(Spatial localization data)

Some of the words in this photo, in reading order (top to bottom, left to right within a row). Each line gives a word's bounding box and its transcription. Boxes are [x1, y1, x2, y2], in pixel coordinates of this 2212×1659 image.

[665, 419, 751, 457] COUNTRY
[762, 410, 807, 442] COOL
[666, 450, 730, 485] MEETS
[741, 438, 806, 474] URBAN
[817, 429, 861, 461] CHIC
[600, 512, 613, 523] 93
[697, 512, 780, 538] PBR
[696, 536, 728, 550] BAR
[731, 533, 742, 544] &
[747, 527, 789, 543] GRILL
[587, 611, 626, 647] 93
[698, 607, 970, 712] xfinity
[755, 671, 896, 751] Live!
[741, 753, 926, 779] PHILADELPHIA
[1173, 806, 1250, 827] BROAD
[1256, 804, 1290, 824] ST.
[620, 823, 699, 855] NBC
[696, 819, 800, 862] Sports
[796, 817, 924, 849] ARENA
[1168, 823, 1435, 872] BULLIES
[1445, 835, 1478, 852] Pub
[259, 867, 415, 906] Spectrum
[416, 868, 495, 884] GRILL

(GOAL OF THE EXERCISE) Quote each line above in full, word for word.

(OUTPUT OF THE EXERCISE)
Some of the words in this photo, in reading order (top to bottom, left to right within a row). Each line gives a word's bounding box and its transcription. Boxes are [x1, y1, x2, y2], in pixel coordinates of this 2212×1659 image.

[665, 419, 751, 457] COUNTRY
[762, 410, 807, 442] COOL
[666, 450, 730, 485] MEETS
[741, 438, 806, 474] URBAN
[817, 429, 861, 461] CHIC
[600, 512, 613, 523] 93
[697, 512, 780, 538] PBR
[696, 536, 728, 550] BAR
[731, 533, 742, 544] &
[747, 527, 789, 543] GRILL
[587, 611, 626, 647] 93
[698, 607, 970, 712] xfinity
[755, 671, 896, 751] Live!
[741, 753, 926, 779] PHILADELPHIA
[1173, 806, 1250, 827] BROAD
[1256, 804, 1290, 824] ST.
[620, 823, 699, 855] NBC
[696, 819, 800, 862] Sports
[796, 817, 924, 849] ARENA
[1168, 823, 1435, 872] BULLIES
[1445, 835, 1478, 852] Pub
[259, 867, 415, 906] Spectrum
[416, 868, 495, 884] GRILL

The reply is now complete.